After a sunny day spent rock climbing, I found myself in the local ER. It was near midnight and silent technicians had just performed an echocardiogram. Their grim expressions left little doubt I was in serious trouble.
As dawn broke I lay in a private room in the ICU waiting for the doctor to make his rounds. An IV needle was taped to one arm, a self-inflating pressure cuff encircled the other. The wires of a 12-lead heart monitor looped in every direction out the neck and sleeves of the flimsy hospital gown. I was exhausted having been awake for over 24 hours.
Shortly after 7:00am St. Joe’s head cardiologist walked into the room looking like a man who’d rather be anywhere else. “I have bad news,” he said, gazing somewhere over my head unable to meet my eyes, “you’re in acute congestive heart failure. Your heart has been seriously damaged and I can offer you no hope of recovery.”

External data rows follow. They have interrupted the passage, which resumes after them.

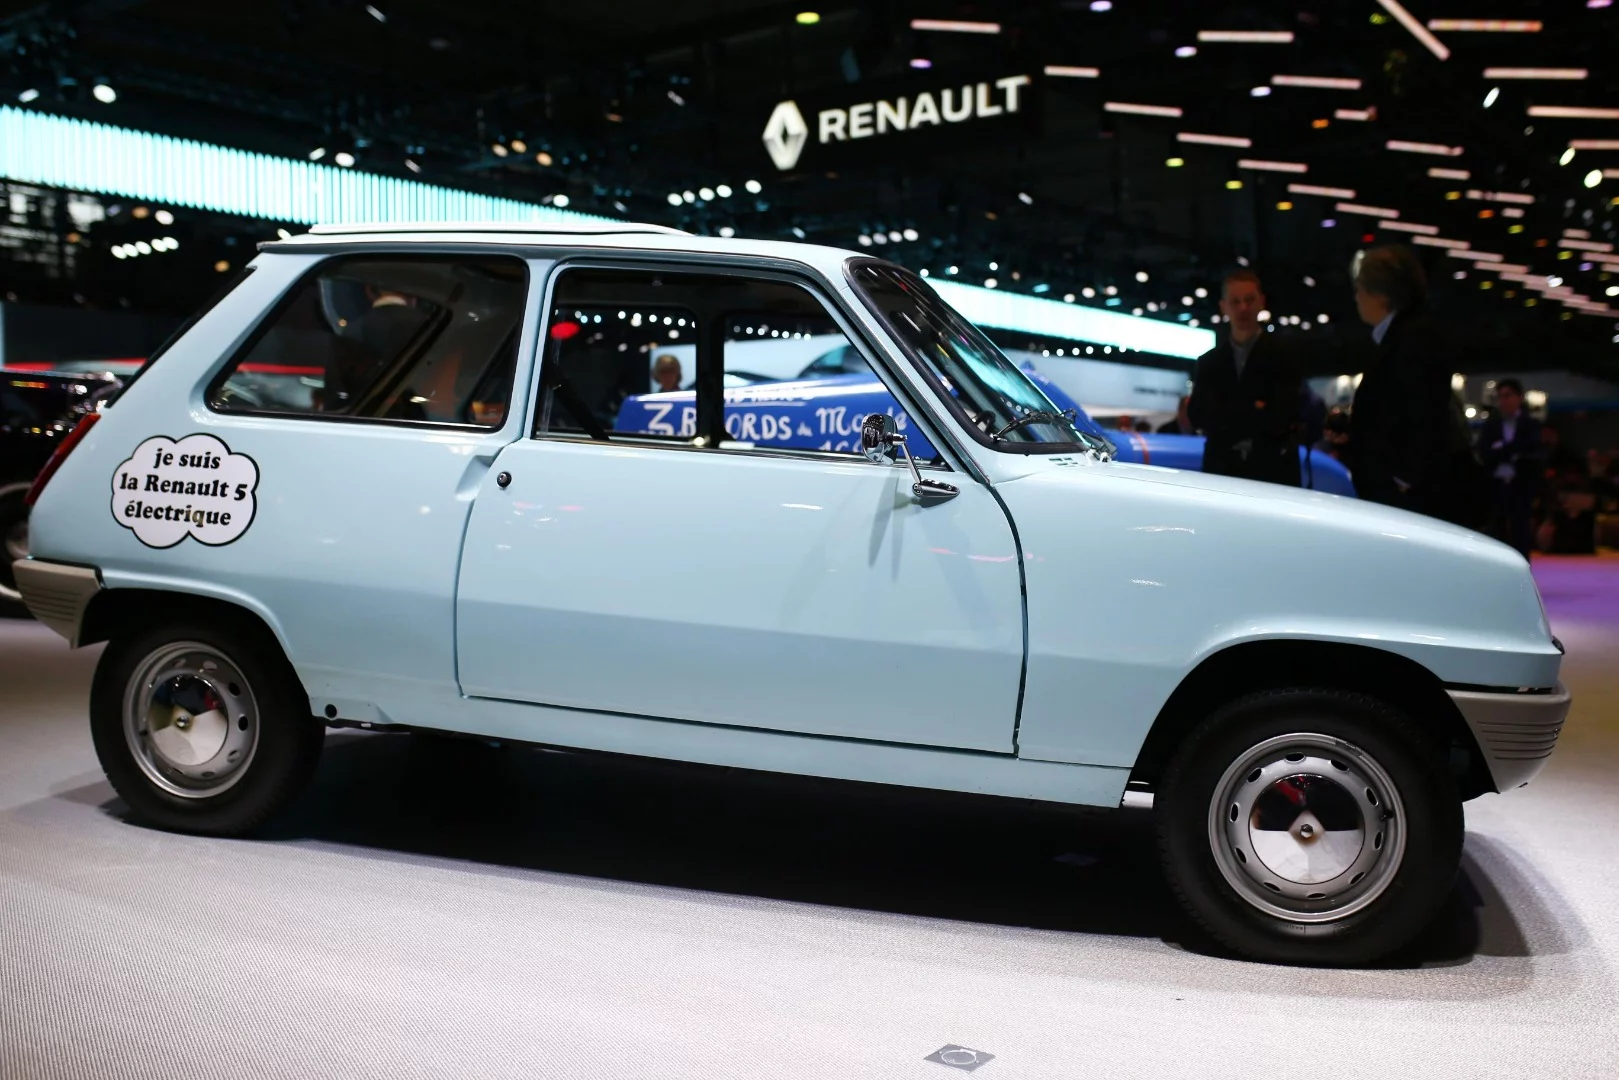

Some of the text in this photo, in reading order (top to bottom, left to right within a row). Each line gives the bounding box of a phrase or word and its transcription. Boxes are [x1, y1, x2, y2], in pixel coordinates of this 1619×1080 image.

[818, 75, 1030, 143] RENAULT
[681, 407, 793, 440] RORDS
[153, 447, 221, 469] je suis
[119, 473, 248, 501] la Renault 5
[124, 500, 231, 528] électrique
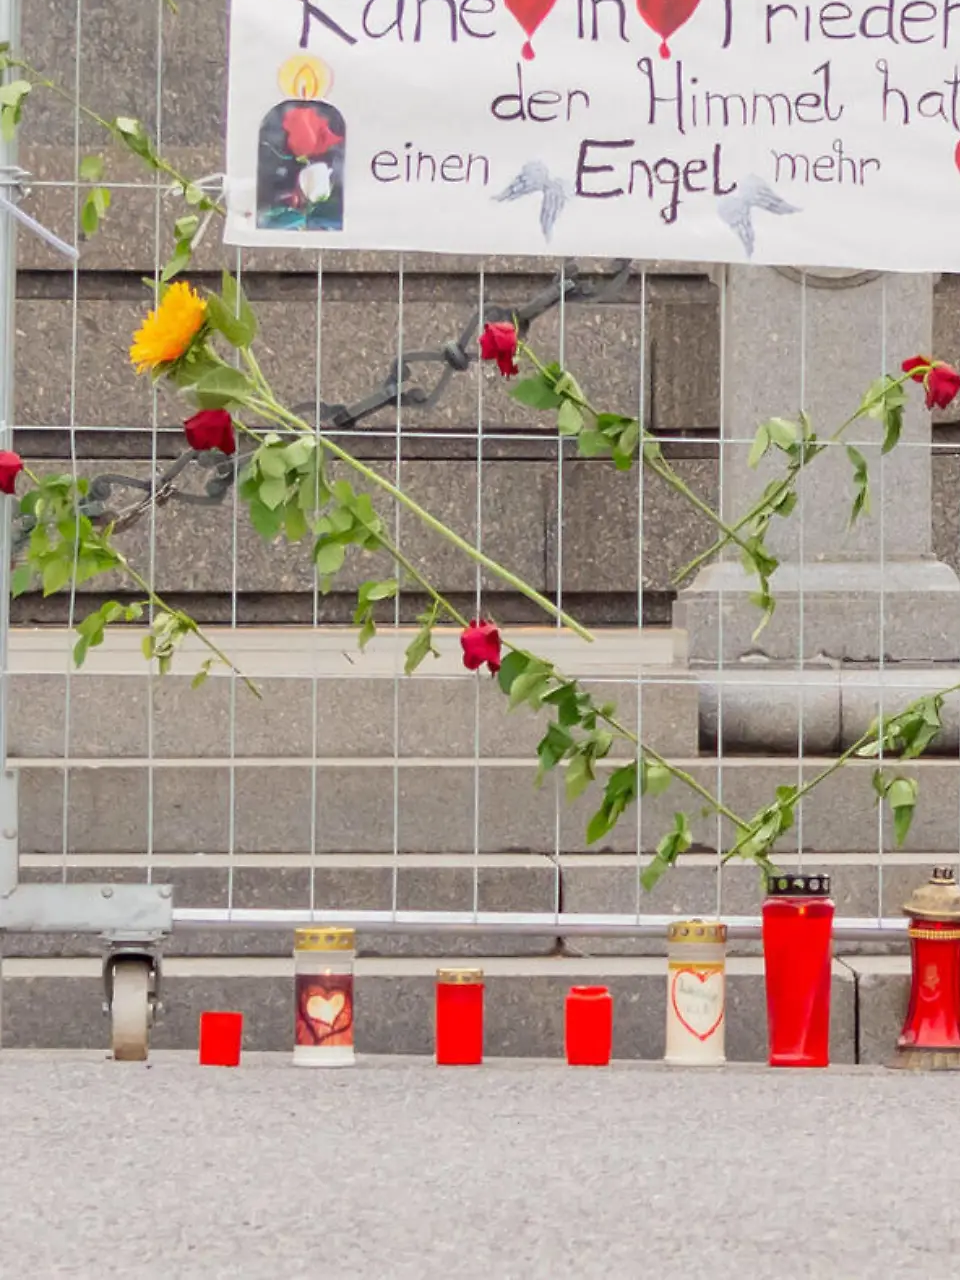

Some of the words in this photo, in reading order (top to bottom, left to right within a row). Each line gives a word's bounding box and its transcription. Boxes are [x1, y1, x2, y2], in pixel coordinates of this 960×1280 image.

[490, 61, 591, 123] der
[635, 56, 845, 136] Himmel
[370, 141, 491, 186] einen
[574, 139, 738, 225] Engel
[770, 138, 881, 187] mehr

And that’s when I realized—having just finished six years of graduate school in pursuit of a PhD—that I didn’t have a clue about the one thing I truly needed to know, the single most important moment any of us ever face: death.
An eon passed in those first seconds after the doctor delivered his news, or perhaps time stopped altogether because the room around me disappeared. I was alone and looking over my right shoulder where my entire life spun out like a cinema newsreel. Bright vivid images—childhood, teen years, adulthood—flashed past one after the other picking up speed in a surreal fast forward as the present moment grew closer until with the last frame everything faded into darkness. My past was gone.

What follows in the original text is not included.